Prevêem-se consequências graves para o comércio na região, em particular se vier a concretizar a possibilidade das exportações desses países serem canalizadas para os portos marroquinos como lhes foi oferecido por Marrocos. Isso, sem falar de desarticulação no combate aos ataques jihadistas que poderá eventualmente ser criada e que torna todos os países da região mais vulneráveis. Num quadro destes de destabilização, o adiamento no Senegal das eleições presidenciais, sem data marcada para as realizar, não podia ser mais preocupante.
Entretanto, no resto do mundo o desmantelar de uma certa ordem herdada do fim da Guerra Fria não pára. A guerra na Ucrânia desencadeada pela invasão russa que daqui a dez dias vai completar dois anos não dá sinal de terminar. Pelo contrário, tende a agravar-se devido às fragilidades da resistência ucraniana e alguma imprevisibilidade no apoio que poderá continuar a receber dos países ocidentais. Depois das recentes declarações de Donald Trump, um possível candidato ganhador das eleições americanas de Novembro deste ano, a retirar garantias de suporte americano mesmo aos países da NATO em caso de ataque russo, o conflito na Europa até pode vir a alargar e a abranger outros países.
No Médio Oriente, algo similar corre o risco de acontecer com o conflito na Faixa de Gaza a transformar-se numa guerra regional tendo como base um confronto entre os Estados Unidos e o Irão. Ainda os preços dos combustíveis fósseis não foram significativamente afectados pela guerra entre Israel e o Hamas, mas, em caso de um conflito mais generalizado, o mais normal é que disparassem, esvaziando em boa medida os ganhos já conseguidos na luta contra a inflação. A disrupção das rotas de navegação devido aos ataques dos Houthis no Mar Vermelho e no Canal de Suez por onde passa cerca de 30% das mercadorias em contentores correspondentes a 12% do comércio internacional já está a pressionar os preços dos produtos ao obrigar os barcos a contornar a África, com os correspondentes custos. Um conflito generalizado, provavelmente inevitável se não for encontrado um caminho para se chegar à solução dos dois Estados, Israel e Palestina, terá consequências mais desastrosas.

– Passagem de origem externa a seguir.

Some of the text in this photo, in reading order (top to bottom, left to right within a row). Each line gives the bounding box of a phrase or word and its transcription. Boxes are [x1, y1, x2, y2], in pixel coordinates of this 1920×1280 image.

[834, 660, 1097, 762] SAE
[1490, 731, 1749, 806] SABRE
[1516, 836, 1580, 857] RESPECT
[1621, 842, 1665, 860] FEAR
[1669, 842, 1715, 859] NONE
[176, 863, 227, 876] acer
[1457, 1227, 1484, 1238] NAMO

Em Cabo Verde pelo discurso produzido, pelo debate político conduzido e pela acção governativa global não se nota urgência, nem perspectiva estratégica perante uma realidade mundial, regional e local em clara e profunda mudança. A tendência geral é para se seguir com a gestão corrente, alinhar com as agendas multilaterais que justificam doações e créditos concessionais e focar na conquista e preservação do poder político. Por isso, é que se discute o mais do mesmo, nos mesmos termos de sempre acompanhados de acusações mútuas que se repetem ano após ano e em todas as sessões do parlamento. Percebe-se perfeitamente isso ouvindo troca de galhardetes entre a “situação” e a “oposição” a todos os níveis das estruturas do Estado.

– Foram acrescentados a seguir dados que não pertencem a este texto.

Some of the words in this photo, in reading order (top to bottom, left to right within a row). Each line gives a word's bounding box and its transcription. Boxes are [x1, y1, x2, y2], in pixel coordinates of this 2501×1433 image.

Entretanto, os problemas de sempre agravam-se e tornam-se cada vez mais de difícil solução. Isso passa-se em particular nos transportes, na segurança, na habitação, mas também na educação e na saúde. A economia arrasta- -se com taxas de crescimento que estão aquém do que os próprios governantes reconhecem como necessário para colocar o país numa outra plataforma de desenvolvimento. Há desafios a vencer para conseguir ganhos de produtividade e competitividade – que passam por ter um Estado mais eficiente, por potenciar os efeitos do motor da economia que é o turismo e por um investimento mais estratégico no capital humano - mas não se vê o país e a sociedade a se moverem como um todo nesse sentido.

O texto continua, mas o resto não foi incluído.